The combination of Ms. Abrams’s and Mr. Trump’s grievances made the Peach State fertile ground for demagoguery in 2021. President Biden called the Election Integrity Act “Jim Crow 2.0.” Corporations came under pressure to denounce the law, and Atlanta-based Coca-Cola and Delta Air Lines were among those that yielded. Delta CEO Ed Bastian asserted: “The entire rationale for this bill was based on a lie: that there was widespread voter fraud in Georgia in the 2020 elections.” That was five days after the airline issued a statement praising many of the law’s provisions.

“It’s never easy or a good thing to be having to go after your own businesses, but the CEOs crossed the line,” Mr. Kemp says. “The rank-and-file Delta people were with us. I’d get on a flight; I’d have pilots and flight attendants going, ‘Hey, hang in there. We’re with you. Don’t worry about what the boss is saying.’ ” Coca-Cola “lost business, because people were throwing their products out of convenience stores and stuff. The problem is, that really hurts the bottlers, not corporate Coke, and the bottlers are our people. They have warehouses and their truck drivers live in Tifton,” in the south central part of the state.

Major League Baseball also moved the 2021 All-Star Game from Atlanta to Denver. Mr. Kemp says Commissioner Rob Manfred told him “I am getting a little bit of pressure” and assured him he wouldn’t give in. “And then he called me the next day, literally about 24 hours later on Sunday, and said, ‘Hey, I just want to let you know we’re moving the game.’ ” Atlanta did get a consolation prize—the World Series, in which the hometown Braves defeated the Houston Astros in six games.

Georgia voters seem to like Mr. Kemp’s record. He beat Ms. Abrams in a 2022 rematch by 7.5 points—a wide enough margin that even she conceded, and an improvement of roughly 7.8 points over Mr. Trump’s losing margin in 2020, when Georgia was the closest state in the country. Mr. DeSantis did even better, winning by 19.4 points in a state Mr. Trump carried by 3.3. Contrary to Mr. Brooks, the obvious lesson is that conservative culture warriors can win resoundingly in close states, provided they aren’t crazy. Republican primary voters in 2024, take note.
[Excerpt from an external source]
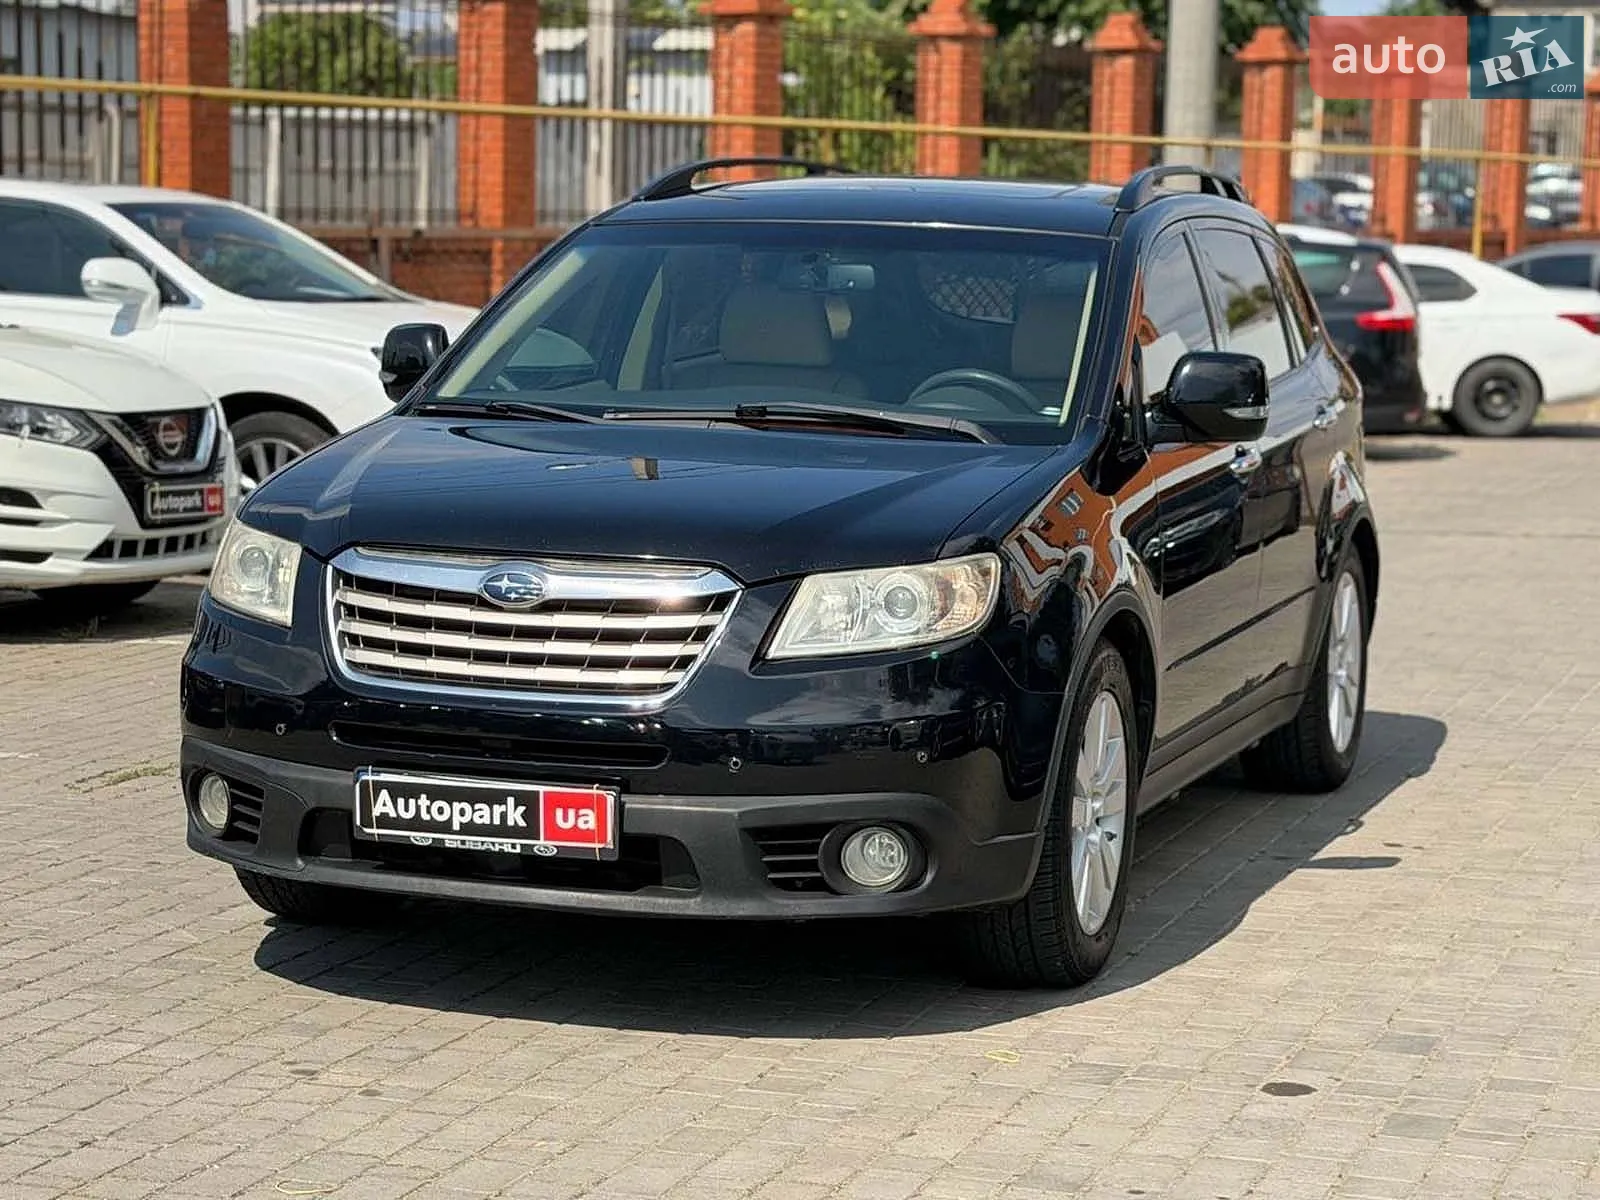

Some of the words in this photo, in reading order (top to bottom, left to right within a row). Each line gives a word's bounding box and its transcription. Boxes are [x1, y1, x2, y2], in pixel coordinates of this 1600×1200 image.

Mr. Kemp won’t be on the ballot that year. He answers with a flat no when I ask if he’s thinking of a presidential run. So how does he size up the field?

“I have a great relationship with Pence and a really good relationship with DeSantis. Chris Christie came and campaigned for us multiple times, along with a lot of other governors. I know Tim Scott real well. Nikki Haley came and campaigned for us. I’ve known her over the years, and I’ve gotten to meet [Mike] Pompeo a couple of times. So I’m kind of like everybody else, I’m just seeing how things are playing out and keeping an open mind.”

One candidate is missing from that list. “Yeah, I haven’t heard from Trump.”

Mr. Taranto is the Journal’s editorial features editor.